We have the right man in the job. Godspeed, coach. Go Huskies!

Linda Albo Denton, ’67

Bringing Issues to Light
I have been reading … your excellent article on Dr. [Henry] Lai’s experience with the cell phone industry [Wake-up Call, March 2005]. I have been following the politics and science of this issue for four years, looking at it from a variety of angles, and talking with people across the globe involved in every aspect of it. I can only applaud you for bringing this issue to light in your publication. Nothing is more critical—and more overdue—for the public’s awareness and debate.

Marne Glaser

Do We Need Columns?
With store racks jammed with magazines, do we need Columns? Yes, we do when there are articles like “Wake-up Call.”

Walt Smith, ’64

Cell Phones Not So Hazardous?
Apparently the article published in the last issue [Wake-up Call] featuring Dr. Henry Lai and his research on radiofrequency (RF) energy was triggered by media articles reporting DNA breaks by the REFLEX program (Verum Foundation, Germany). Lai stated that the REFLEX results confirmed his research findings published about 10 years ago. This claim deserves some scrutiny as the in vitro REFLEX study (yet to be published) used cell phone signals whereas Lai exposed animals to radar-like pulses and continuous wave fields; both types of fields are uncharacteristic of cell phone signals. Furthermore, independent research that endeavored to confirm Lai’s results in animals found no DNA effect of RF exposure (Malyapa et al., Radiation Research 149:637-645, 1998; LaGroye et al., International Journal of Radiation Biology 80:11-20, 2004). At least 10 in vitro studies also did not find DNA breaks.

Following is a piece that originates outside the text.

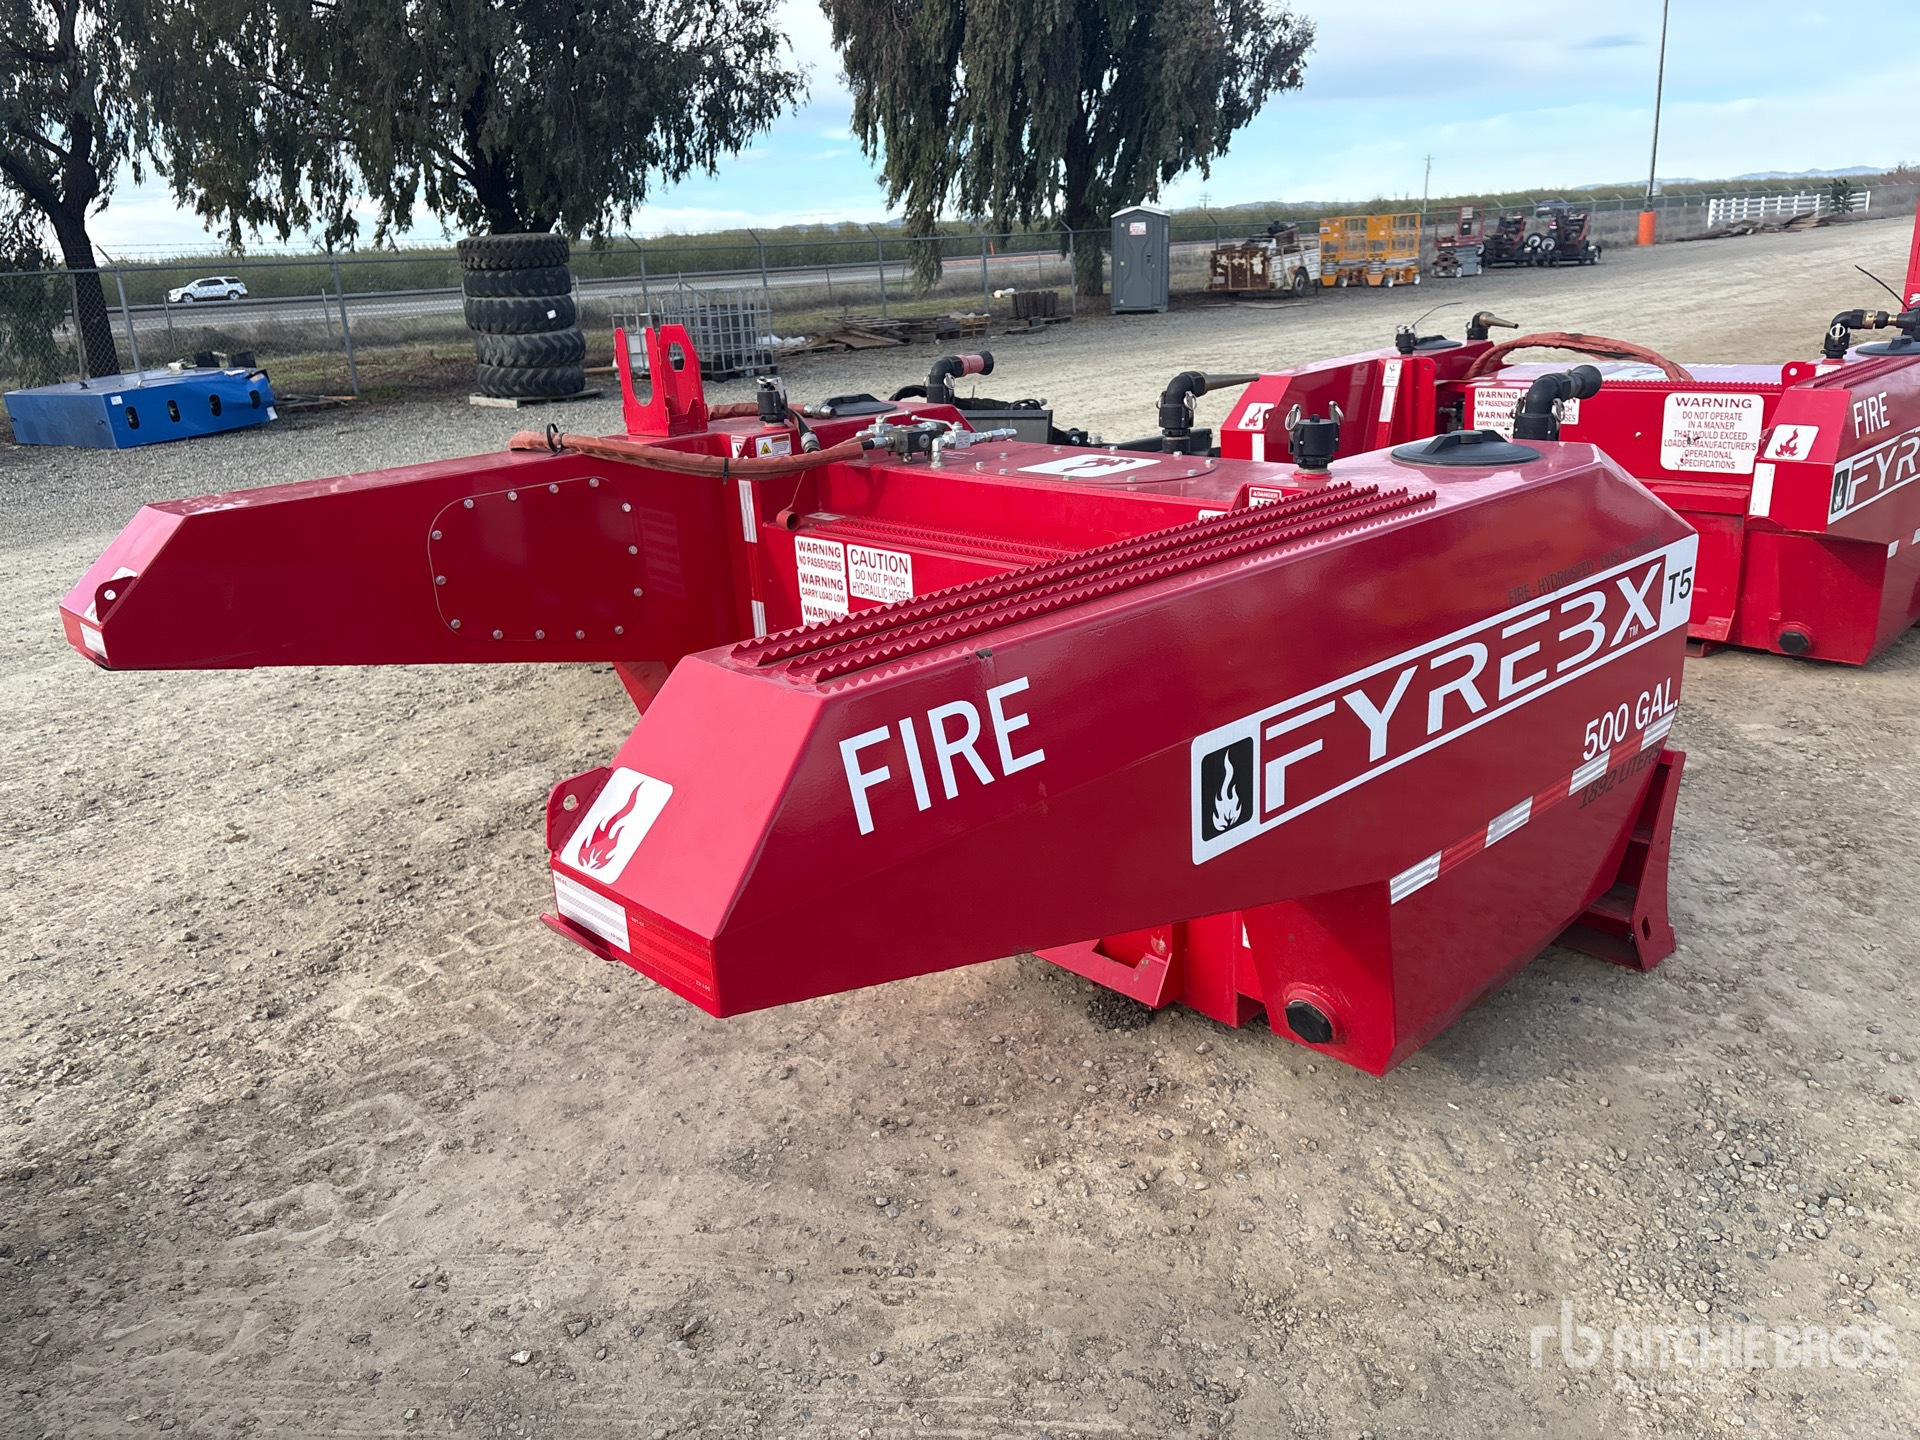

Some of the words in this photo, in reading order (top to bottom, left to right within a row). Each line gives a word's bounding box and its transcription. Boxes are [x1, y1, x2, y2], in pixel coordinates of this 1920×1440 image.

While at the City of Hope National Medical Center, I participated in a collaborative study involving Lai’s laboratory and a second independent lab to determine whether cell phone signals can alter DNA in rat brains. The results (announced but awaiting publication) showed no effect on DNA breaks from RF exposure.

The UK National Radiation Protection Board stated that, “the results presented in the REFLEX project need to be considered in the context of existing published studies. It is well accepted from the totality of the available evidence that RF fields do not possess sufficient energy to cause direct damage to DNA. Many research groups worldwide have investigated the molecular and cellular effects of RF fields using in vitro cell systems. After reviewing the available evidence, the independent Advisory Group on Non-ionizing Radiation in a report to the Board of NRPB (AGNIR, 2003) concluded that ‘although there has been a wide range of diverse exposures and biological models investigated, no consistent pattern has emerged from the cellular studies of RF exposure.’ It was noted that positive findings have not been confirmed by other independent studies, similar experiments fail to confirm each other or may even show contradictory results. Overall it concluded that, ‘In aggregate the research published since the IEGMP report does not give cause for concern. The weight of evidence now available does not suggest that there are adverse health effects from exposures to RF fields below guideline levels.’ ” (see UK National Radiation Protection Board Web site, Dec. 22, 2004; IEGMP is the UK Independent Expert Group on Mobile Phones).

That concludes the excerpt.